> [STUDY MATERIAL]:
.....

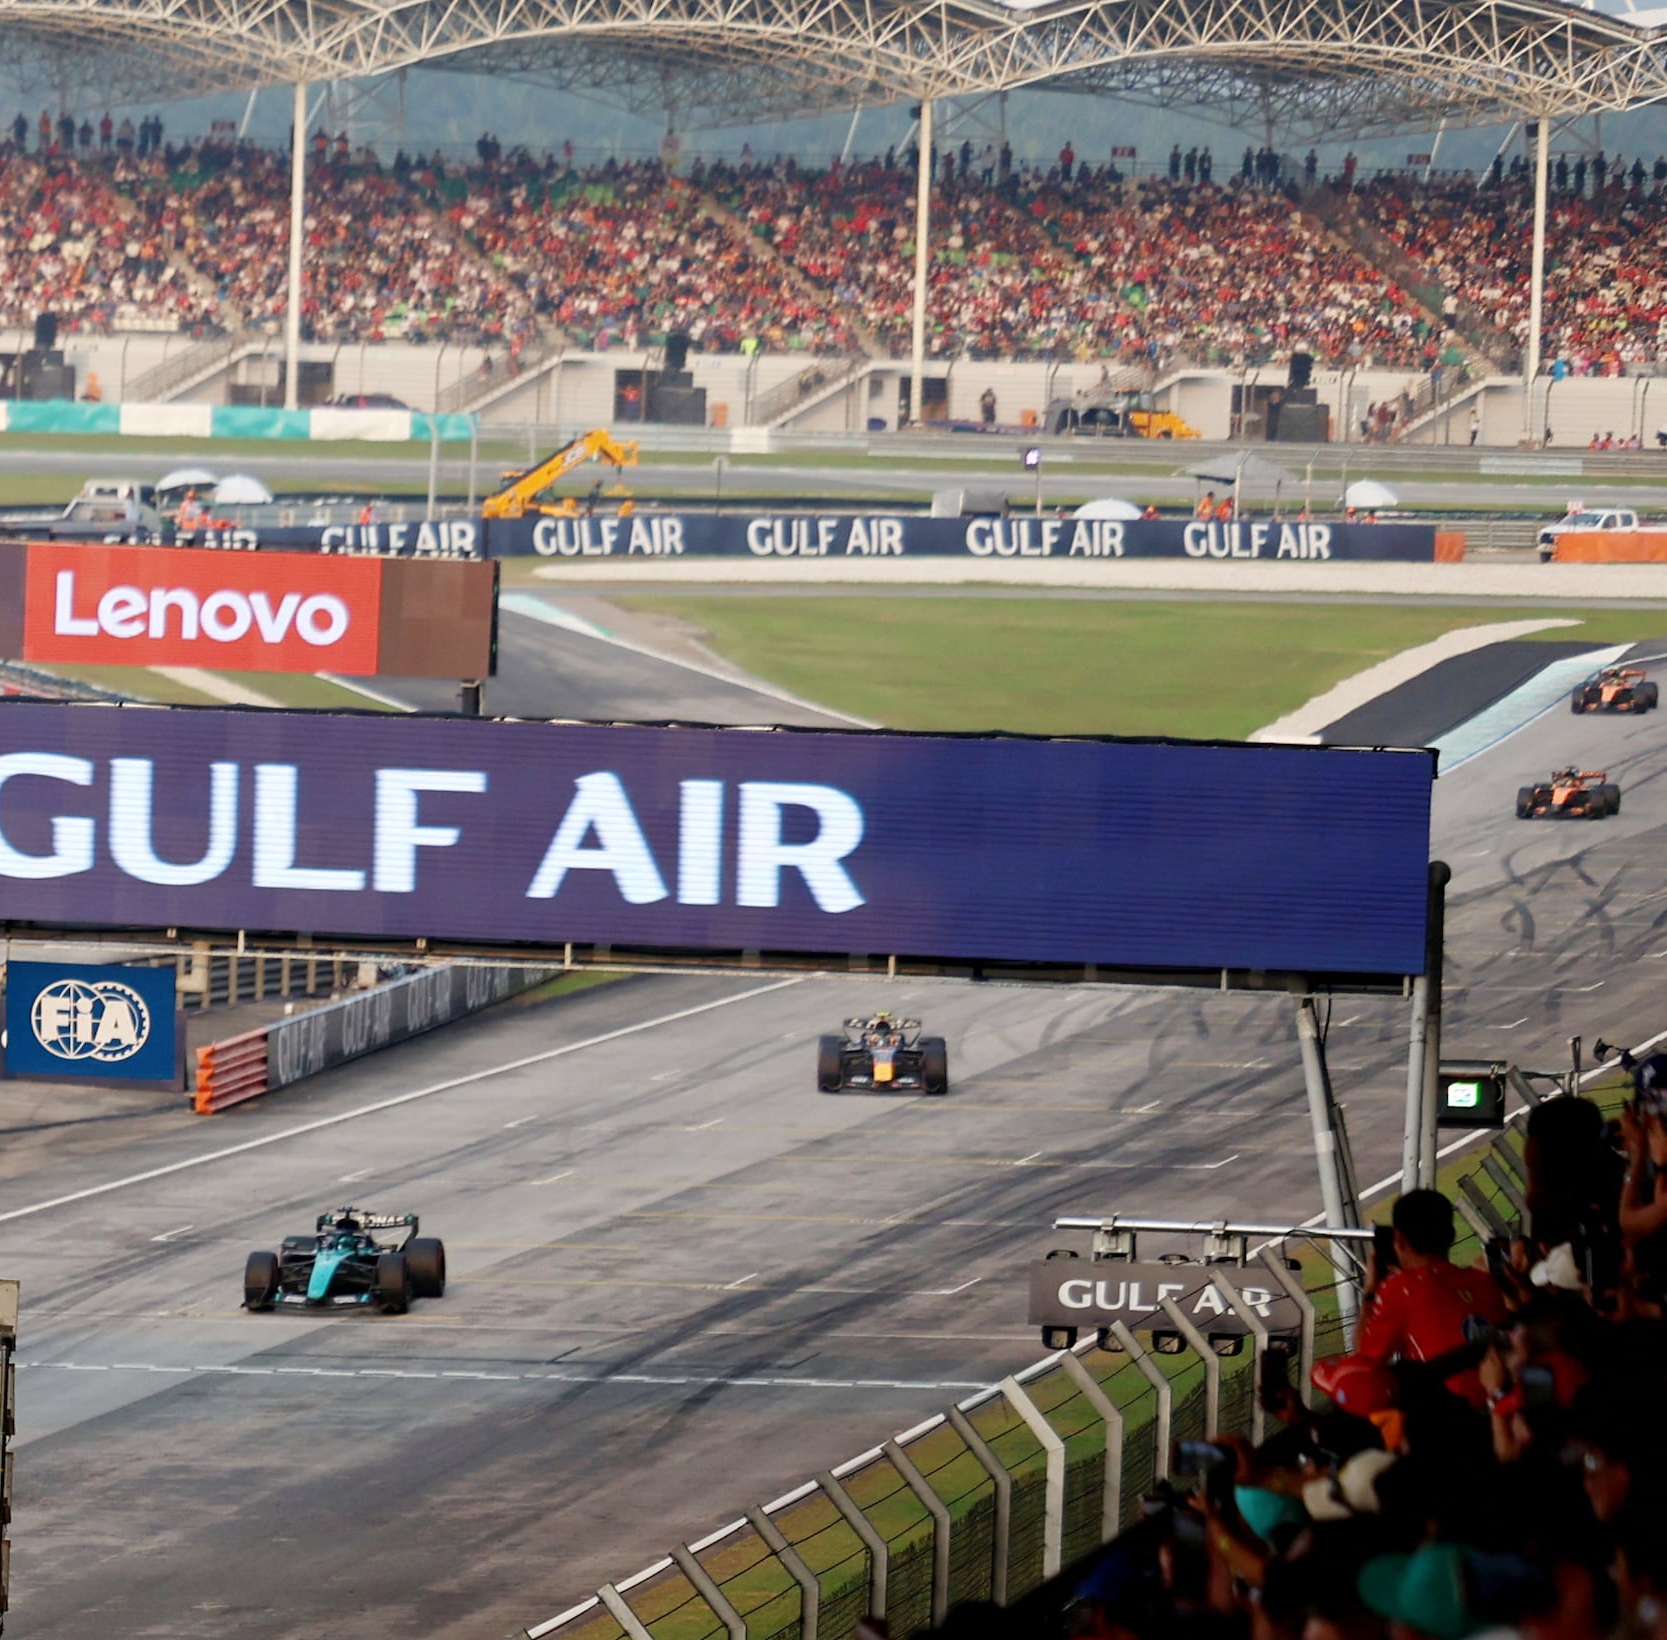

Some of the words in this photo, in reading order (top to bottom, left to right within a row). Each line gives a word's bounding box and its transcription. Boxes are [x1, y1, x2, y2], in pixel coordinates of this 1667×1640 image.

[533, 516, 620, 555] GULF
[628, 516, 685, 555] AIR
[748, 518, 838, 557] GULF
[847, 516, 905, 556] AIR
[966, 518, 1061, 558] GULF
[1071, 519, 1126, 558] AIR
[1184, 521, 1269, 559] GULF
[1276, 521, 1332, 561] AIR
[55, 570, 350, 646] Lenovo
[526, 772, 867, 914] AIR
[1057, 1279, 1184, 1311] GULF
[1192, 1286, 1271, 1318] AR
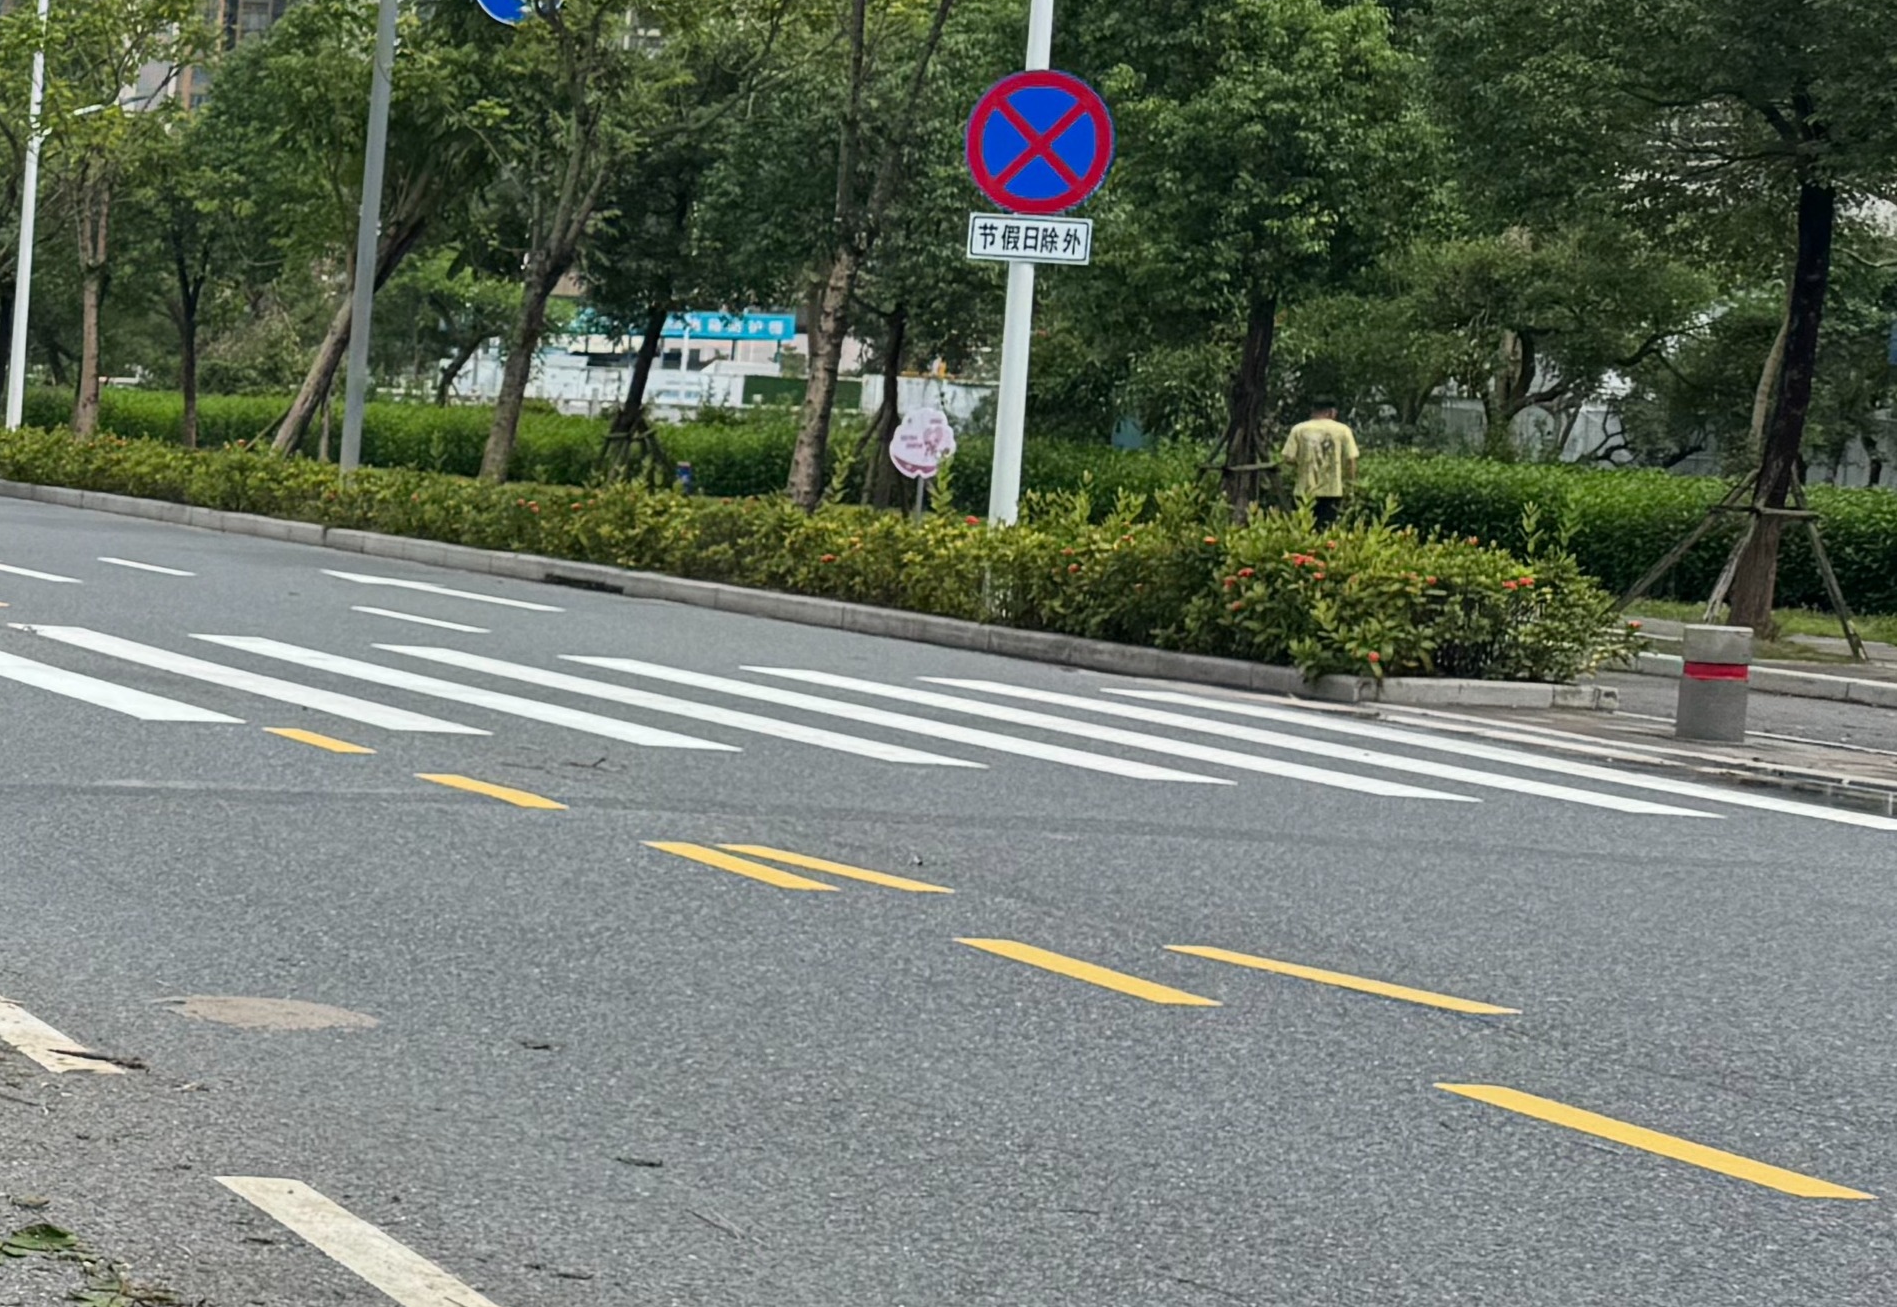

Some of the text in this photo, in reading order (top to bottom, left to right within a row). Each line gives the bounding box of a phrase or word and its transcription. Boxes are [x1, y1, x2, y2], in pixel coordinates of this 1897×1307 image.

[978, 223, 1081, 255] 节假日除外
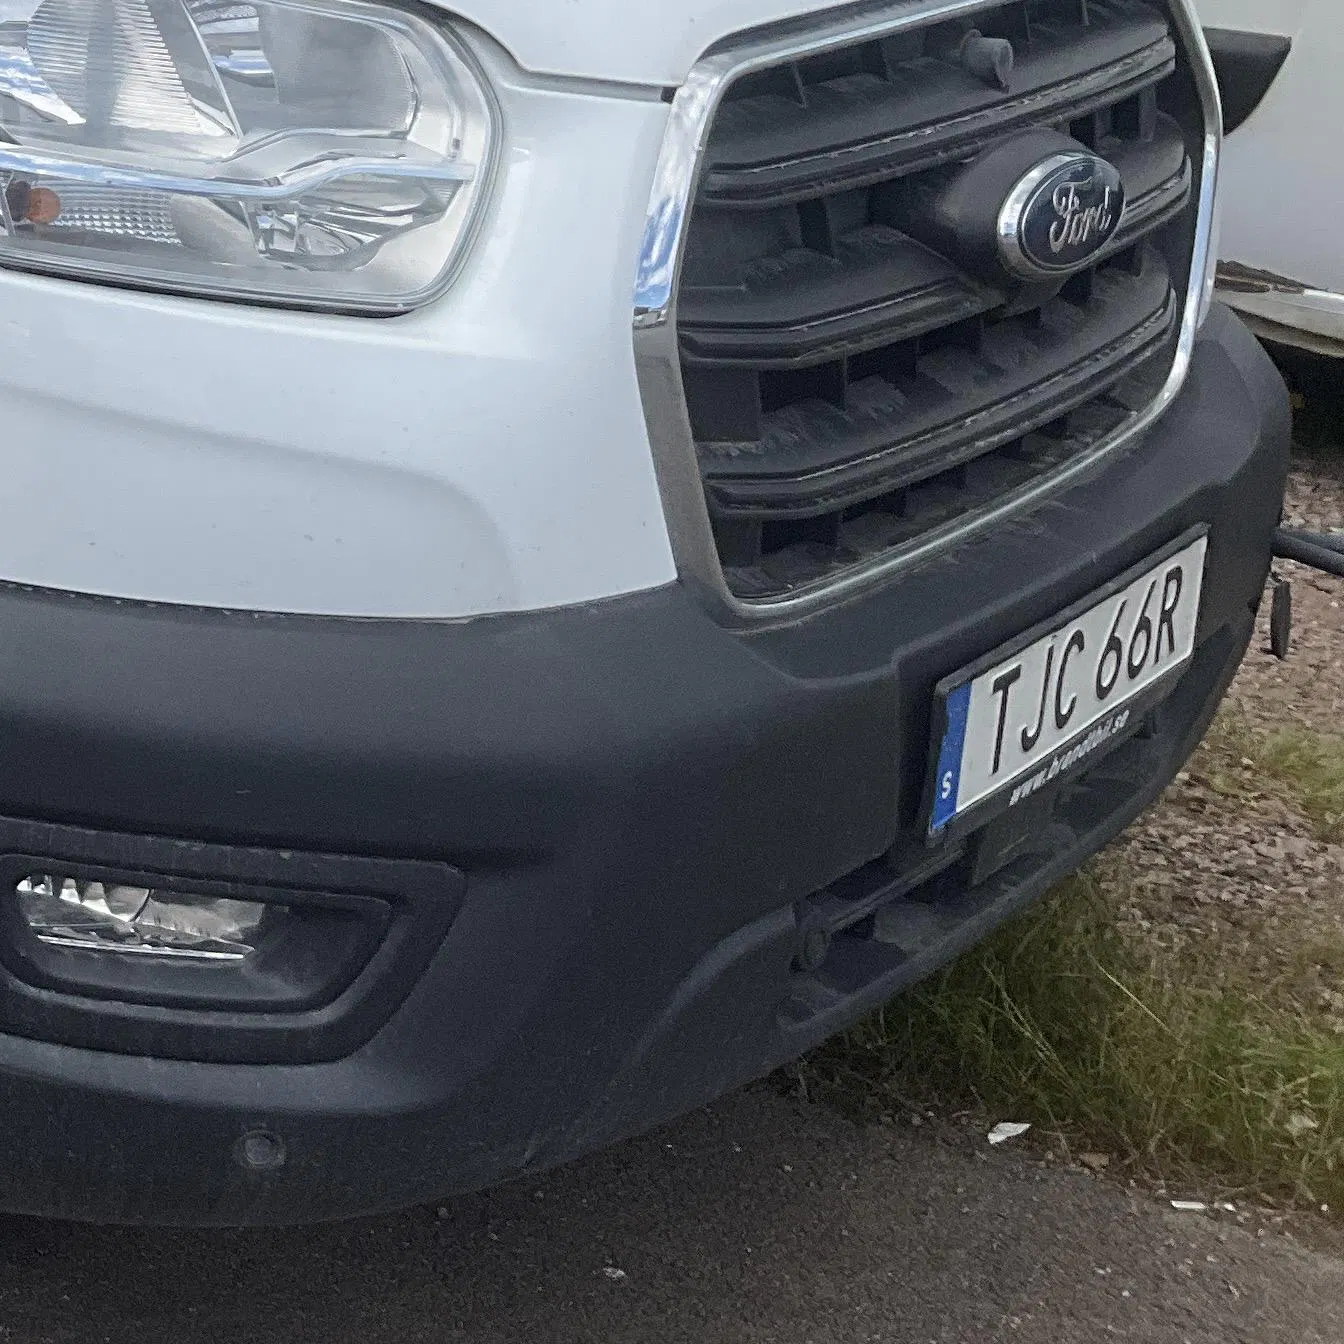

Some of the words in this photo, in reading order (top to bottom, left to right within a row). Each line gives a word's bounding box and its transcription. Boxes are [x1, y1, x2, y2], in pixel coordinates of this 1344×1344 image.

[1049, 176, 1112, 254] Ford
[989, 628, 1085, 776] TJC
[1095, 564, 1183, 701] 66R
[941, 771, 953, 799] S
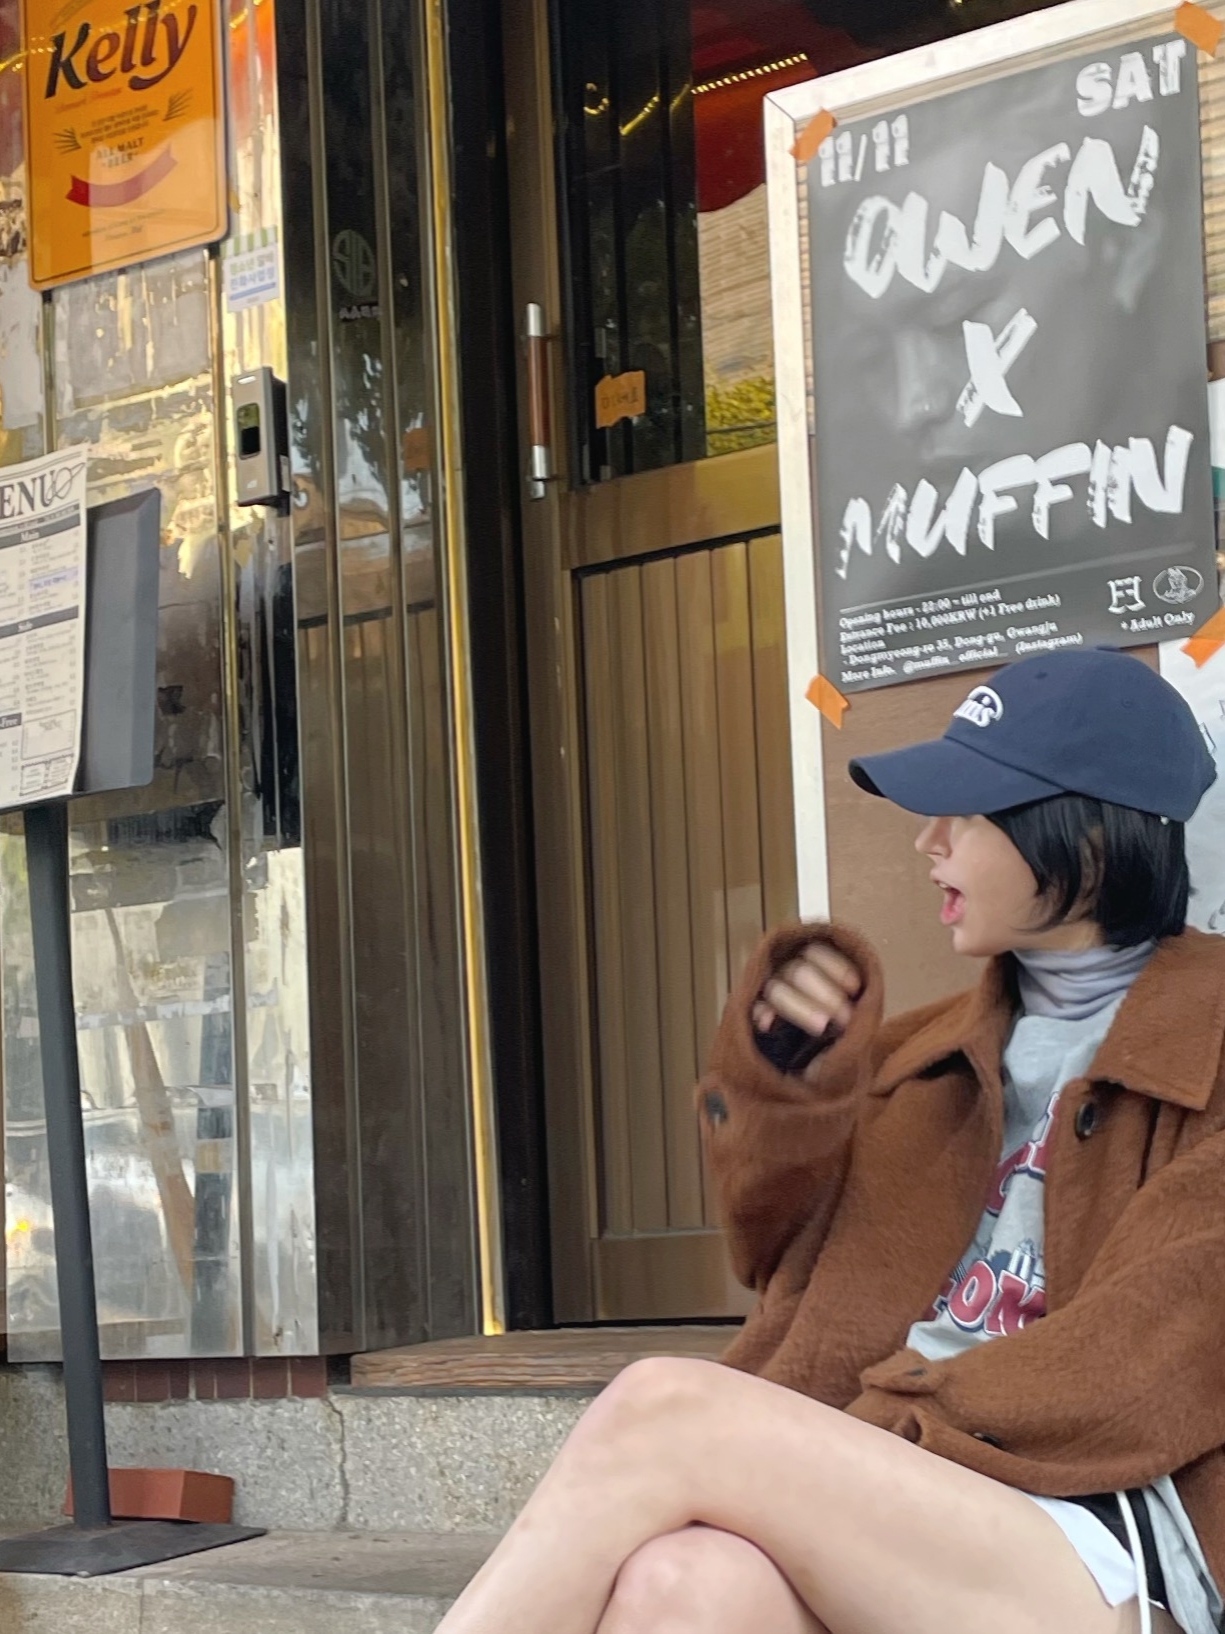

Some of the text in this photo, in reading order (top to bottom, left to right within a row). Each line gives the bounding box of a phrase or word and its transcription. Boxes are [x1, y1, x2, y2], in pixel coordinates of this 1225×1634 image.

.....

> [ACTION ITEM]: Give back the lines from the one containing "this 1344×1344 image." through the last line of the records above exactly as they appear, both included, and no pictures.

> [SOLUTION TO THIS PROBLEM]:
Some of the words in this photo, in reading order (top to bottom, left to right within a row). Each line gives a word's bounding box and its transcription. Boxes are [x1, y1, x2, y2], in pixel coordinates of this 1344×1344 image.

[1049, 176, 1112, 254] Ford
[989, 628, 1085, 776] TJC
[1095, 564, 1183, 701] 66R
[941, 771, 953, 799] S

Some of the text in this photo, in reading order (top to bottom, left to right within a row). Each line gives the bounding box of a phrase or word and its transcription. Boxes are [x1, y1, x2, y2], in pixel coordinates of this 1225×1634 image.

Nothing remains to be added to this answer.